## Problem requirements:
Return every entry below word for word and leave out any picture.

Stored data
****
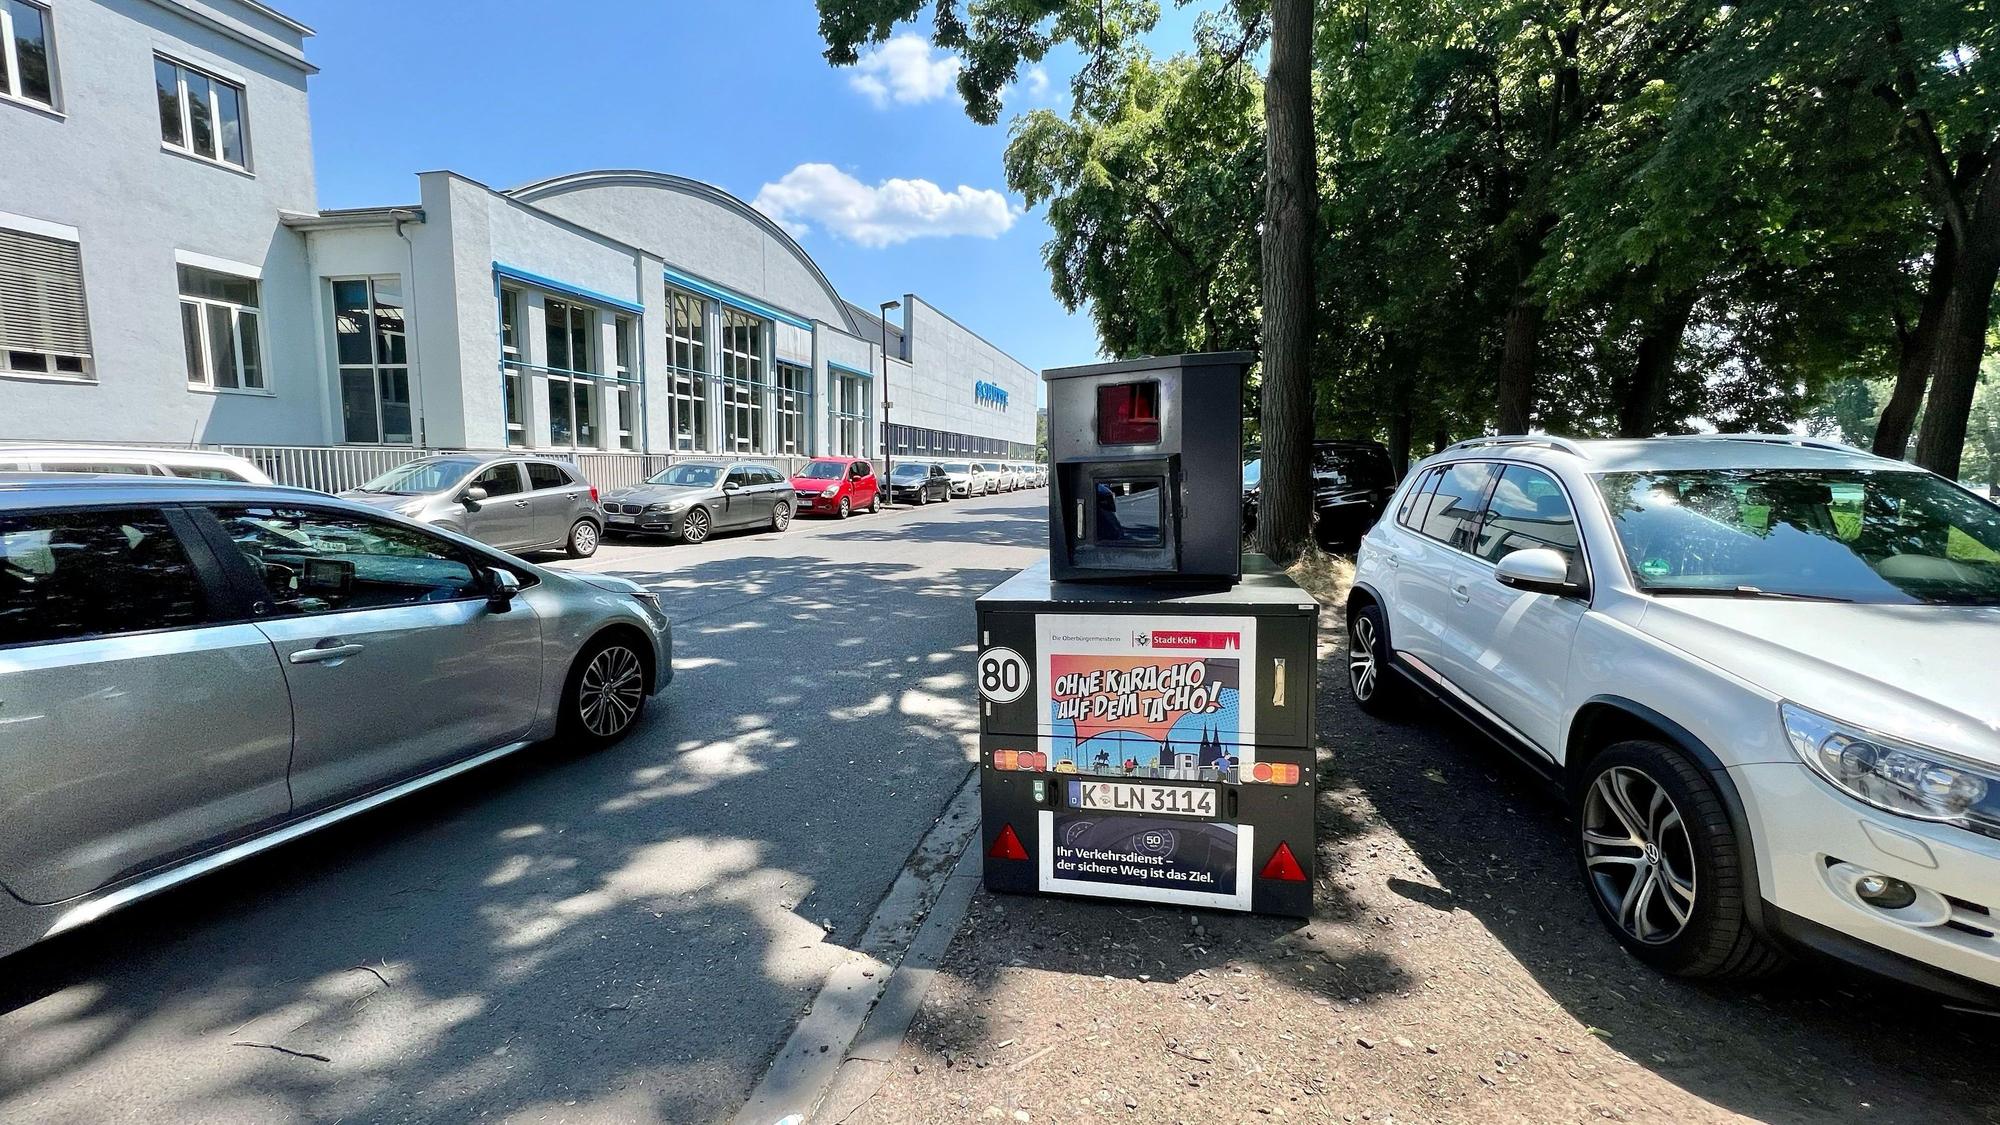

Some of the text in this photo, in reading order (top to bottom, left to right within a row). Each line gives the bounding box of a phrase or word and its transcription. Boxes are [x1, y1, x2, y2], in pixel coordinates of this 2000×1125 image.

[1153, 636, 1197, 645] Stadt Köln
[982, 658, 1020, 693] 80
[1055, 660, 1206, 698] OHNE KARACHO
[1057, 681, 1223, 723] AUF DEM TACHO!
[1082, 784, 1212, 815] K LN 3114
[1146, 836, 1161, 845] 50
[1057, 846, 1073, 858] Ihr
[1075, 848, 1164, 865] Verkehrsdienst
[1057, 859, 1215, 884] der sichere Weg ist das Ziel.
****
## Written solution:
Some of the text in this photo, in reading order (top to bottom, left to right within a row). Each line gives the bounding box of a phrase or word and its transcription. Boxes are [x1, y1, x2, y2], in pixel coordinates of this 2000×1125 image.

[1153, 636, 1197, 645] Stadt Köln
[982, 658, 1020, 693] 80
[1055, 660, 1206, 698] OHNE KARACHO
[1057, 681, 1223, 723] AUF DEM TACHO!
[1082, 784, 1212, 815] K LN 3114
[1146, 836, 1161, 845] 50
[1057, 846, 1073, 858] Ihr
[1075, 848, 1164, 865] Verkehrsdienst
[1057, 859, 1215, 884] der sichere Weg ist das Ziel.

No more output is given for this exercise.